- [Task to carry out] The listing must be reproduced in full, exactly as it stands.
···
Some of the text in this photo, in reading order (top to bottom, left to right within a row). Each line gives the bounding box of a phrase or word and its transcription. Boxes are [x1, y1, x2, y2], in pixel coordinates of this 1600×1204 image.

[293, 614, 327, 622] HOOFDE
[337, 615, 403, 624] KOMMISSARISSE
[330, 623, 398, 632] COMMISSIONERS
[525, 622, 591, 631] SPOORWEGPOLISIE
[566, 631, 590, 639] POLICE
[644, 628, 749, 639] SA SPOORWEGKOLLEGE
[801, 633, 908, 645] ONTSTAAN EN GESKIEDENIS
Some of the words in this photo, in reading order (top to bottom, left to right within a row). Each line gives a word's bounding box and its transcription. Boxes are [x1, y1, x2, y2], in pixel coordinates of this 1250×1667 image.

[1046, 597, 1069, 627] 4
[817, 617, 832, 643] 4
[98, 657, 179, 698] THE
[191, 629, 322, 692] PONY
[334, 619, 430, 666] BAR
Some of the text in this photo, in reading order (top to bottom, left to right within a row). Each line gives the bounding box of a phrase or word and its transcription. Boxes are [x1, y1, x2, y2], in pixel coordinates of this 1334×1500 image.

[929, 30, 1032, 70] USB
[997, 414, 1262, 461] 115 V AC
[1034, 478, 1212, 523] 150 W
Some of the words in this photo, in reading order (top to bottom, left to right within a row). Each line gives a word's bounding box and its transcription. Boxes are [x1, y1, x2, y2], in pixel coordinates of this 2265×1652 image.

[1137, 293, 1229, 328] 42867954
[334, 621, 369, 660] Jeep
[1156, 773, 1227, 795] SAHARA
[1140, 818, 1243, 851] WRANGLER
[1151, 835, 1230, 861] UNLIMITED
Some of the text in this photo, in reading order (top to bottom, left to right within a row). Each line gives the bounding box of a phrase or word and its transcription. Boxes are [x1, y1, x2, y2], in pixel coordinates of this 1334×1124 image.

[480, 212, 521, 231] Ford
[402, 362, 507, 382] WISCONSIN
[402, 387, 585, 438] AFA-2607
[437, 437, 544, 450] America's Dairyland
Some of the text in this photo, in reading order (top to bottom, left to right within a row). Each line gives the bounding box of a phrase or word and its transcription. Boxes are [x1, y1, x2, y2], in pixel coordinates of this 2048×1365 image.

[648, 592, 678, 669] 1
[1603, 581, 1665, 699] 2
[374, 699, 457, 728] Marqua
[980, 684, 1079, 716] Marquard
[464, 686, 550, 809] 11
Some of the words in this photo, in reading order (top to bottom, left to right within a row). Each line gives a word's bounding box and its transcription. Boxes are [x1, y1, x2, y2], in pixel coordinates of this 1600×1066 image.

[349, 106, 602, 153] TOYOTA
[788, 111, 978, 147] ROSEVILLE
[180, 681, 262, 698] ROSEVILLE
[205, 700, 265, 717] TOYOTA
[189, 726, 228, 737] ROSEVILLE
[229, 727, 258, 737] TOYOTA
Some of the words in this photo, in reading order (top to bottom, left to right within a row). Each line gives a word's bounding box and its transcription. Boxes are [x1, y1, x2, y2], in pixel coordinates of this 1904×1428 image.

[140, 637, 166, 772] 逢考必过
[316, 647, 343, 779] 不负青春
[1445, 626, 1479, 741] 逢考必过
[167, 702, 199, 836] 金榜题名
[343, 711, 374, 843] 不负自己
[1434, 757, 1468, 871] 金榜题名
···
- [Response box]
Some of the text in this photo, in reading order (top to bottom, left to right within a row). Each line gives the bounding box of a phrase or word and its transcription. Boxes are [x1, y1, x2, y2], in pixel coordinates of this 1600×1204 image.

[293, 614, 327, 622] HOOFDE
[337, 615, 403, 624] KOMMISSARISSE
[330, 623, 398, 632] COMMISSIONERS
[525, 622, 591, 631] SPOORWEGPOLISIE
[566, 631, 590, 639] POLICE
[644, 628, 749, 639] SA SPOORWEGKOLLEGE
[801, 633, 908, 645] ONTSTAAN EN GESKIEDENIS
Some of the words in this photo, in reading order (top to bottom, left to right within a row). Each line gives a word's bounding box and its transcription. Boxes are [x1, y1, x2, y2], in pixel coordinates of this 1250×1667 image.

[1046, 597, 1069, 627] 4
[817, 617, 832, 643] 4
[98, 657, 179, 698] THE
[191, 629, 322, 692] PONY
[334, 619, 430, 666] BAR
Some of the text in this photo, in reading order (top to bottom, left to right within a row). Each line gives the bounding box of a phrase or word and its transcription. Boxes are [x1, y1, x2, y2], in pixel coordinates of this 1334×1500 image.

[929, 30, 1032, 70] USB
[997, 414, 1262, 461] 115 V AC
[1034, 478, 1212, 523] 150 W
Some of the words in this photo, in reading order (top to bottom, left to right within a row). Each line gives a word's bounding box and its transcription. Boxes are [x1, y1, x2, y2], in pixel coordinates of this 2265×1652 image.

[1137, 293, 1229, 328] 42867954
[334, 621, 369, 660] Jeep
[1156, 773, 1227, 795] SAHARA
[1140, 818, 1243, 851] WRANGLER
[1151, 835, 1230, 861] UNLIMITED
Some of the text in this photo, in reading order (top to bottom, left to right within a row). Each line gives the bounding box of a phrase or word and its transcription. Boxes are [x1, y1, x2, y2], in pixel coordinates of this 1334×1124 image.

[480, 212, 521, 231] Ford
[402, 362, 507, 382] WISCONSIN
[402, 387, 585, 438] AFA-2607
[437, 437, 544, 450] America's Dairyland
Some of the text in this photo, in reading order (top to bottom, left to right within a row). Each line gives the bounding box of a phrase or word and its transcription. Boxes are [x1, y1, x2, y2], in pixel coordinates of this 2048×1365 image.

[648, 592, 678, 669] 1
[1603, 581, 1665, 699] 2
[374, 699, 457, 728] Marqua
[980, 684, 1079, 716] Marquard
[464, 686, 550, 809] 11
Some of the words in this photo, in reading order (top to bottom, left to right within a row). Each line gives a word's bounding box and its transcription. Boxes are [x1, y1, x2, y2], in pixel coordinates of this 1600×1066 image.

[349, 106, 602, 153] TOYOTA
[788, 111, 978, 147] ROSEVILLE
[180, 681, 262, 698] ROSEVILLE
[205, 700, 265, 717] TOYOTA
[189, 726, 228, 737] ROSEVILLE
[229, 727, 258, 737] TOYOTA
Some of the words in this photo, in reading order (top to bottom, left to right within a row). Each line gives a word's bounding box and its transcription. Boxes are [x1, y1, x2, y2], in pixel coordinates of this 1904×1428 image.

[140, 637, 166, 772] 逢考必过
[316, 647, 343, 779] 不负青春
[1445, 626, 1479, 741] 逢考必过
[167, 702, 199, 836] 金榜题名
[343, 711, 374, 843] 不负自己
[1434, 757, 1468, 871] 金榜题名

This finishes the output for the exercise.